Research has shown that patients will appreciate more the availability of an understanding of how their condition is. They will be in a better position to fully conceptualize the enormity of their suffering and this can lead to a quicker recovery. Patients will develop more quickly when the medic takes time to elaborate to them what they are suffering from. During such sessions, the process will be rather conversational than direct dictation (Vieta, 2015). Given the room for expressing their fears, the patients will be relived and more likely to open up on what they could have feared would happen.
Psychoeducation also allows the therapist to closely understand the patient and how they feel about what has just happened. By confiding in their therapist, the patient then develops faster and is more likely to respond to any further medication. This approach also allows the slowing of perception of the condition through the patient's perspective; on several occasions, the patient is more likely to magnify their trauma and accelerate to a more adverse situation (Marchira, Supriyanto, Subandi and Good, 2019). This is however conditioned when the patient understands that they are the only ones to suffer of such and better still know of other adverse situations.

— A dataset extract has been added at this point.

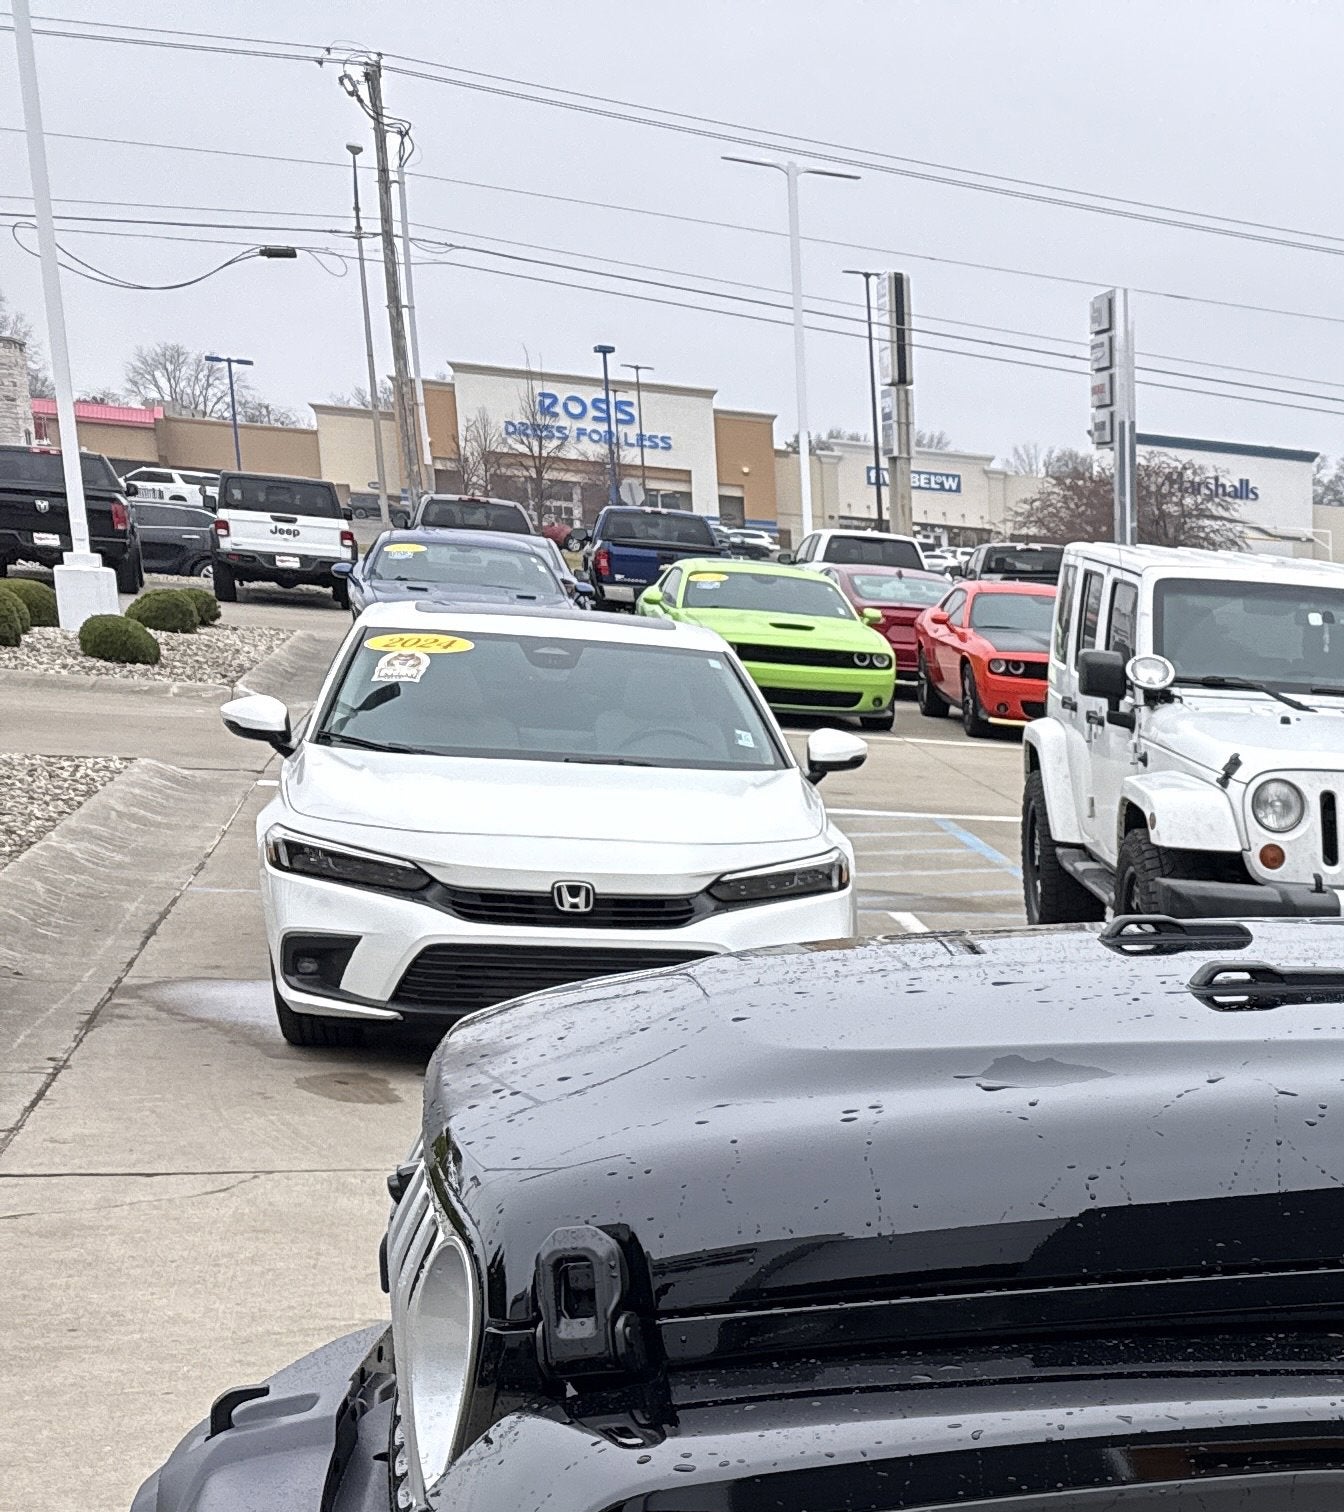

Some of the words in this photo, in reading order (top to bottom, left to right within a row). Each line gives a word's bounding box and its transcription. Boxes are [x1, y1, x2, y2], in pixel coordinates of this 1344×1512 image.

While this method of approach is relatively easy and is centred in prioritizing the patient's views and feelings, it can be very delicate to handle. When dispensing information, the therapist must be very careful about how they approach the subject. Giving a patient a lot of information can result in the opposite of the expected result (Shire, Gulsrud and Kasari 2016). It then compels for use with persons who have a high understanding of the conditions at hand, and be readily equipped to handle any questions that may be directed their way.
Although it is greatly effective, the use of psychoeducation cannot be used as a sole treatment for the traumatic condition. Rather, the intervention is used as a part of a broader system that includes other ways of managing the trauma. This approach is only effective in ensuring the patient is equipped with the understanding that the situation they are going through is not unique to others. It is limited to how much the patient is willing to share and sometimes the age and maturity of the patient can limit how much the therapist can give.
As an intervention method, this approach is very effective. This method when used carefully, can allow the quick recovery of a patient through the relaxation of their anxieties. Being a simple and readily available means of intervention, it can be used almost immediately on a client and hence reduces the risks of further damage. The method can be given by other close people to the patient and thus ease the burden on the affected.
Shire, S. Y., Gulsrud, A., & Kasari, C. (2016). Increasing responsive parent-child interactions and joint engagement: Comparing the influence of parent-mediated intervention and parent psychoeducation. Journal of autism and developmental disorders, 46(5), 1737-1747.
Marchira, C. R., Supriyanto, I., Subandi, S., Good, M. J. D., & Good, B. J. (2019). Brief interactive psychoeducation for caregivers of patients with early phase psychosis in Yogyakarta, Indonesia. Early intervention in psychiatry, 13(3), 469-476.
Vieta, E. (2015). Staging and psychosocial early intervention in bipolar disorder. The Lancet Psychiatry, 2(6), 483-485.